調査内容 2009年第1四半期IT予算の分野別予算額(予測)
調査時期 2008年12月中旬
調査対象 ITpro Researchモニターに登録している企業情報システム担当者
有効回答 3229件(1207件)
( )内は情報システム担当者の有効回答数


 日経マーケット・アクセスが,ITpro Researchモニターに登録している企業情報システム担当者を対象に行った調査で,2009年第1四半期(2009年1月~3月)のIT予算額の見込みについても,適用業務やITインフラの分野,ハード/ソフト別などで聞いた。
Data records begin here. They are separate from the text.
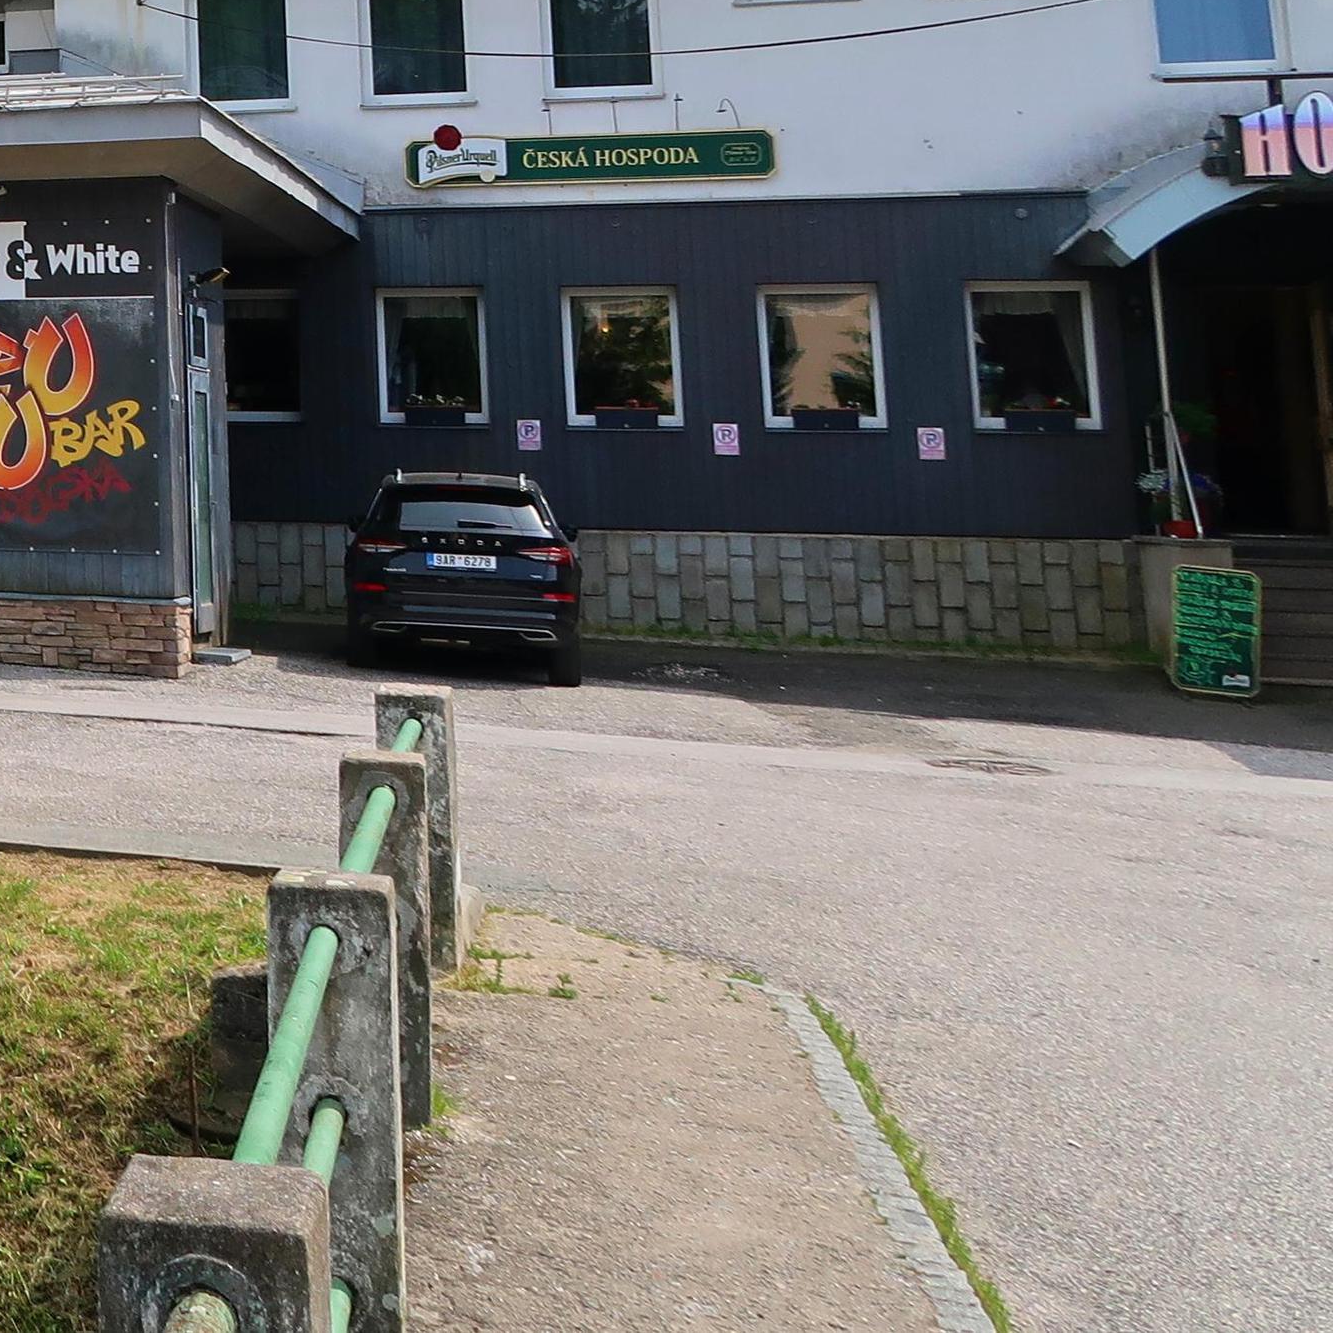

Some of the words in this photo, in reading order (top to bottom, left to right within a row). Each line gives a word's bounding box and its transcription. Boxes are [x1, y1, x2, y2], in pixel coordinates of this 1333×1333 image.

[521, 147, 588, 169] ČESKÁ
[594, 147, 699, 168] HOSPODA
[5, 240, 42, 280] &
[45, 244, 140, 276] White
[50, 400, 146, 467] BAR
[436, 555, 455, 565] 9AR
[464, 556, 492, 567] 6278
 適用業務アプリケーション8分野(その他の適用業務分野を除く)では,前期(2008年第4四半期,2月6日付け記事参照)に続いて「経営戦略系」(約2140万円)と「CRM・顧客関連」(約2100万円)が突出して高い。しかし,前期までの調査で業務アプリ8分野中最大規模の平均予算額を誇っていた「SCM」は,前期のほぼ半分(約54%)の約1420万円に縮小した。

「SFA・営業系」の平均予算額は2008年10月~12月より3割増

 業務アプリ8分野の中で,前期2008年第4四半期と比較して平均予算額が伸びたのは約31%増の「SFA・営業系」のみ。「物流」「生産管理」「経営戦略系」は前期比5%以内の小幅な増減。「人事・給与」は約7%減,「CRM・顧客関連」は約15%減,「会計」は約2割の減少となっている。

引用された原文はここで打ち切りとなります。